Explain how you have made sure that the sample is random. Explain your methods to get a truly random sample.]
Scatterplot
[Insert a scatterplot graph of the sample using the x and y variables. Include a trend line and regression equation.]
The Pattern
[Based on your graph, define each variable, and explain which variable will be useful for making predictions and why.]
[Describe the association between x and y in the scatterplot and determine its shape. Identify any outliers you see in the graph and explain why these occur and what they represent.]
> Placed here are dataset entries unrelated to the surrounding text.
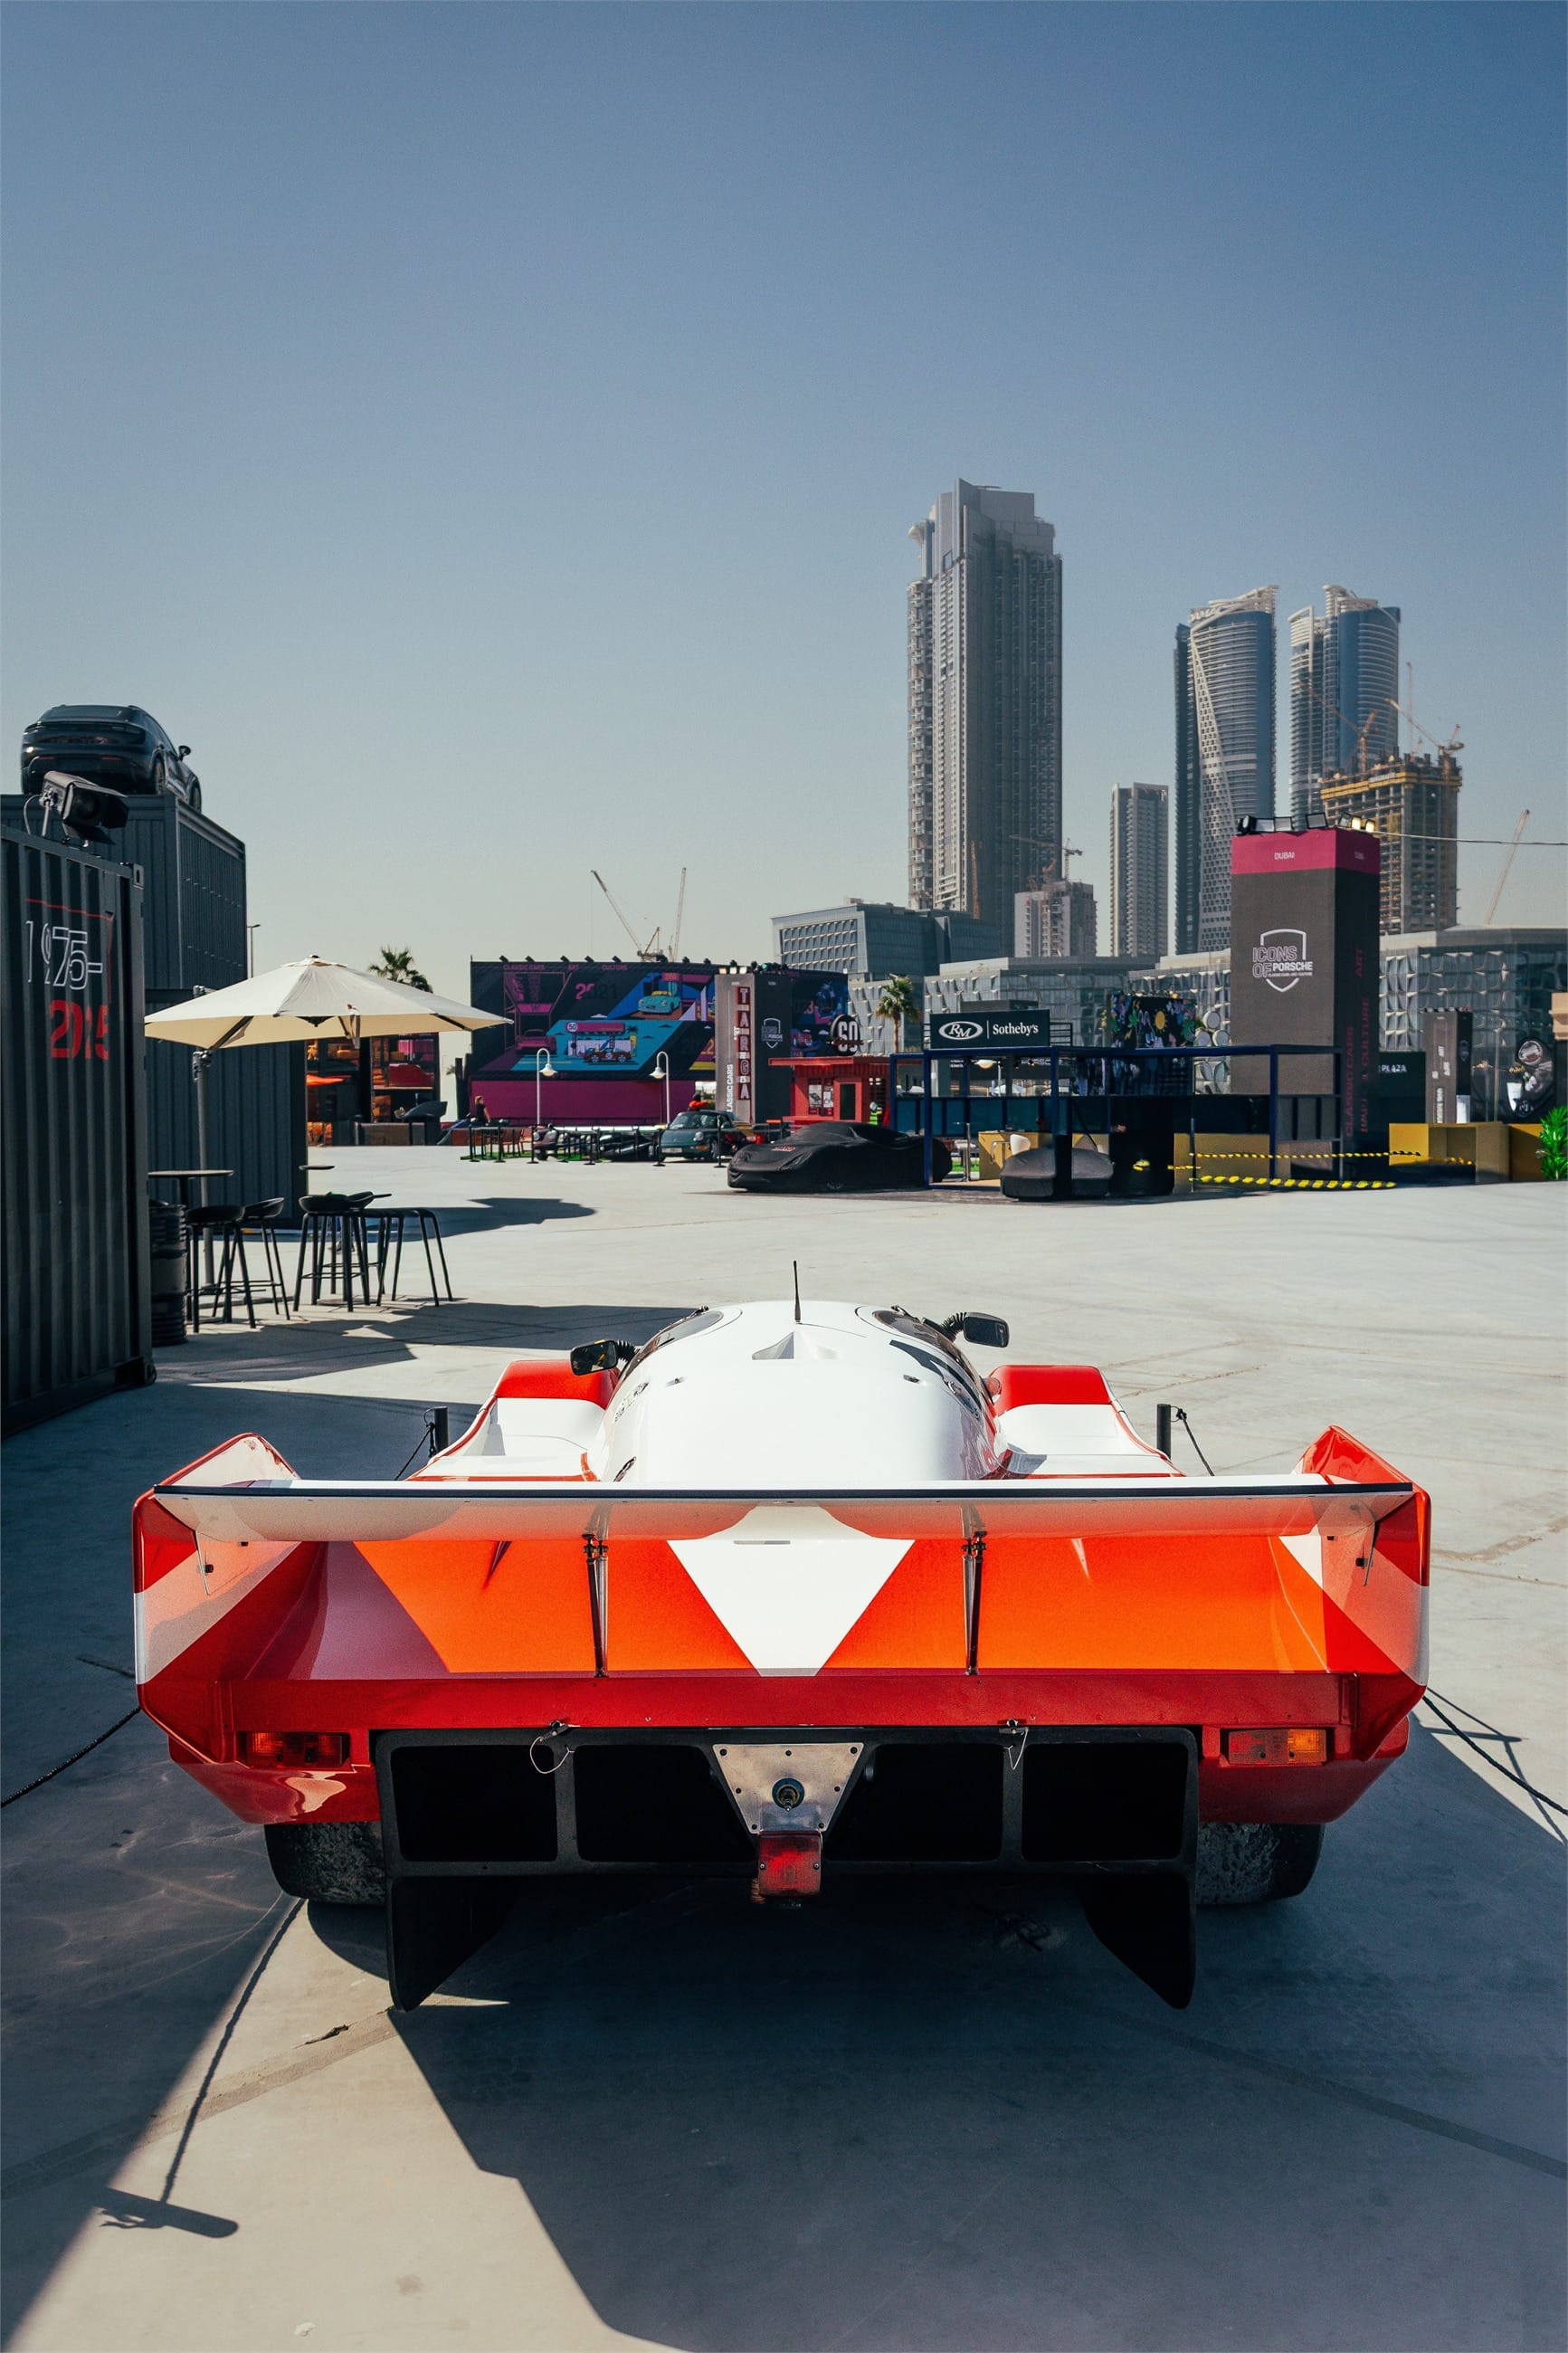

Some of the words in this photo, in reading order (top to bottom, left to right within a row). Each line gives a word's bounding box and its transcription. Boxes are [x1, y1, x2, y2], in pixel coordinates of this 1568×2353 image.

[1274, 852, 1295, 861] DUBAI
[1252, 946, 1297, 963] ICONS
[1252, 963, 1272, 978] OF
[1272, 961, 1314, 972] PORSCHE
[948, 1024, 971, 1038] RM
[993, 1022, 1039, 1036] Sotheby's
[739, 987, 750, 1100] TARGA
[1381, 1064, 1407, 1072] PLAZA
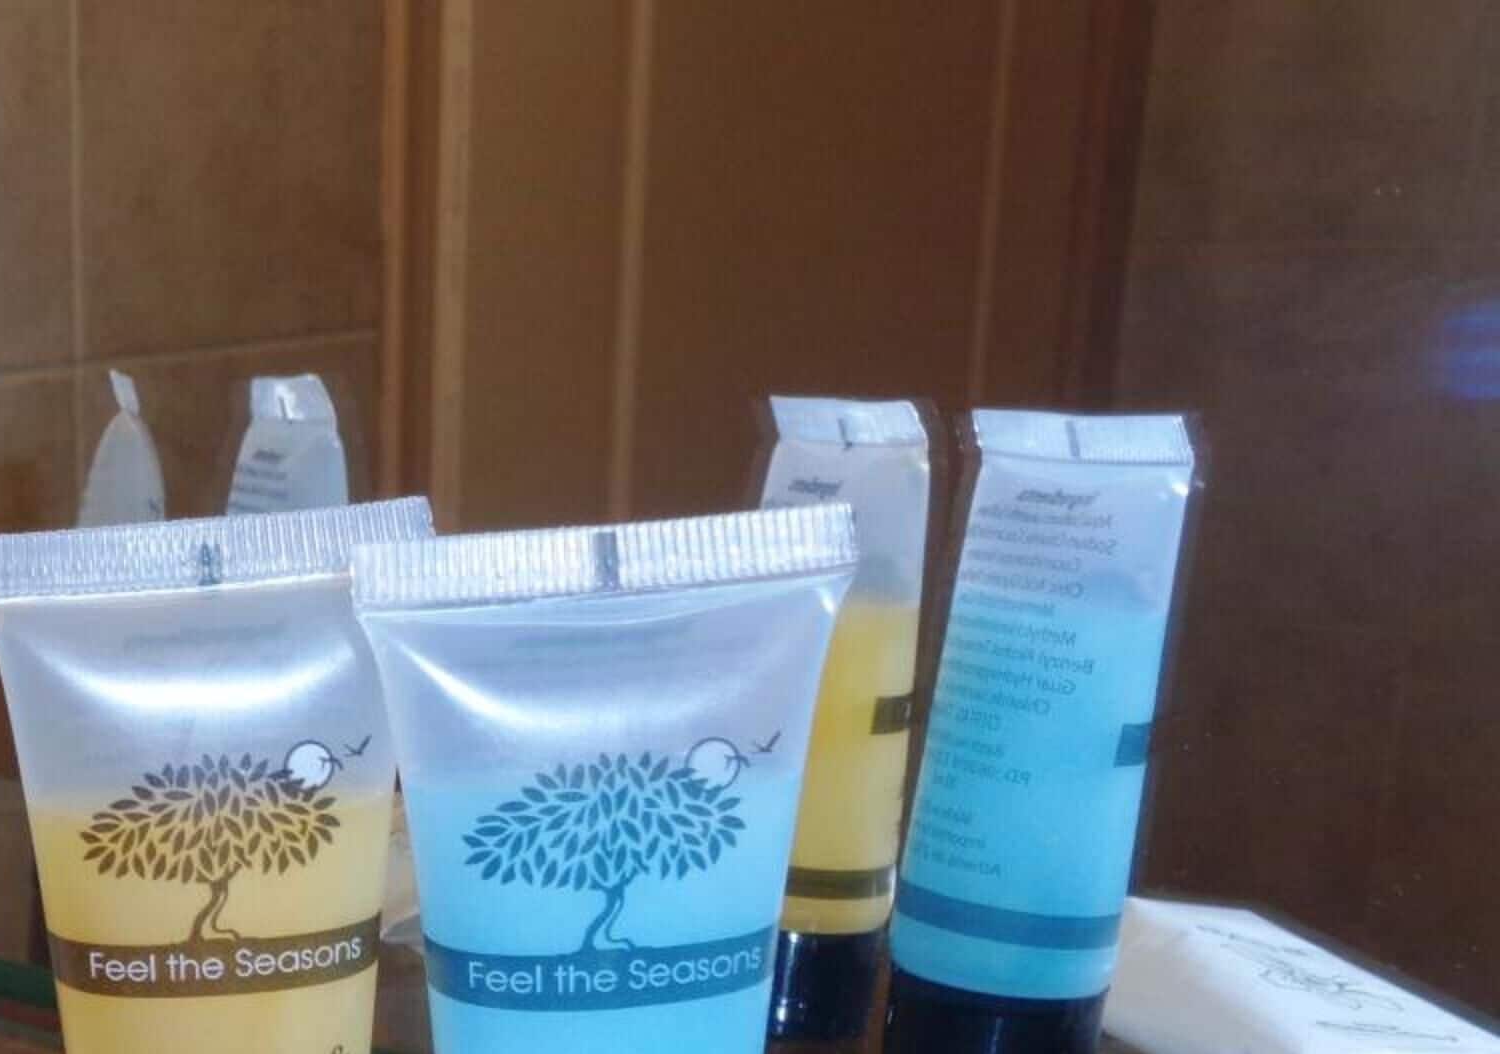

[If you had a 1,800 square foot house, based on the regression equation in the graph, what price would you choose to list at? Explain.]
,
MAT 240 Descriptive Statistics in Excel Tutorial This tutorial will guide you though the steps necessary to pull out the descriptive statistics of your data using the Analysis tookpak. If you do not have the Office 365 version of Excel, please download the latest version free using the Excel Download Tutorial.
1. Open your data set in Excel. Be sure the Analysis toolpak is enabled. Steps for how to do this are available on the Microsoft support site.
2. Navigate to the data tab and select the Data Analysis tools button
3. Select Descriptive Statistics from the analysis tools window that pops up
4. In the Descriptive statistics window, select input range field, then select all your numerical data
5. Then check the Summary Statistics box and click ok
6. You now should see a new sheet with just your descriptive statistics listed in a chart. Change the titles of the columns to their respective names from your data: median listing price, median dollars per square foot, median square feet. And remove any extraneous information that is not needed for this project.
- MAT 240 Descriptive Statistics in Excel Tutorial
Collepals.com Plagiarism Free Papers
Are you looking for custom essay writing service or even dissertation writing services? Just request for our write my paper service, and we'll match you with the best essay writer in your subject! With an exceptional team of professional academic experts in a wide range of subjects, we can guarantee you an unrivaled quality of custom-written papers.
Get ZERO PLAGIARISM, HUMAN WRITTEN ESSAYS
Why Hire Collepals.com writers to do your paper?
Quality- We are experienced and have access to ample research materials.
We write plagiarism Free Content
Confidential- We never share or sell your personal information to third parties.
Support-Chat with us today! We are always waiting to answer all your questions.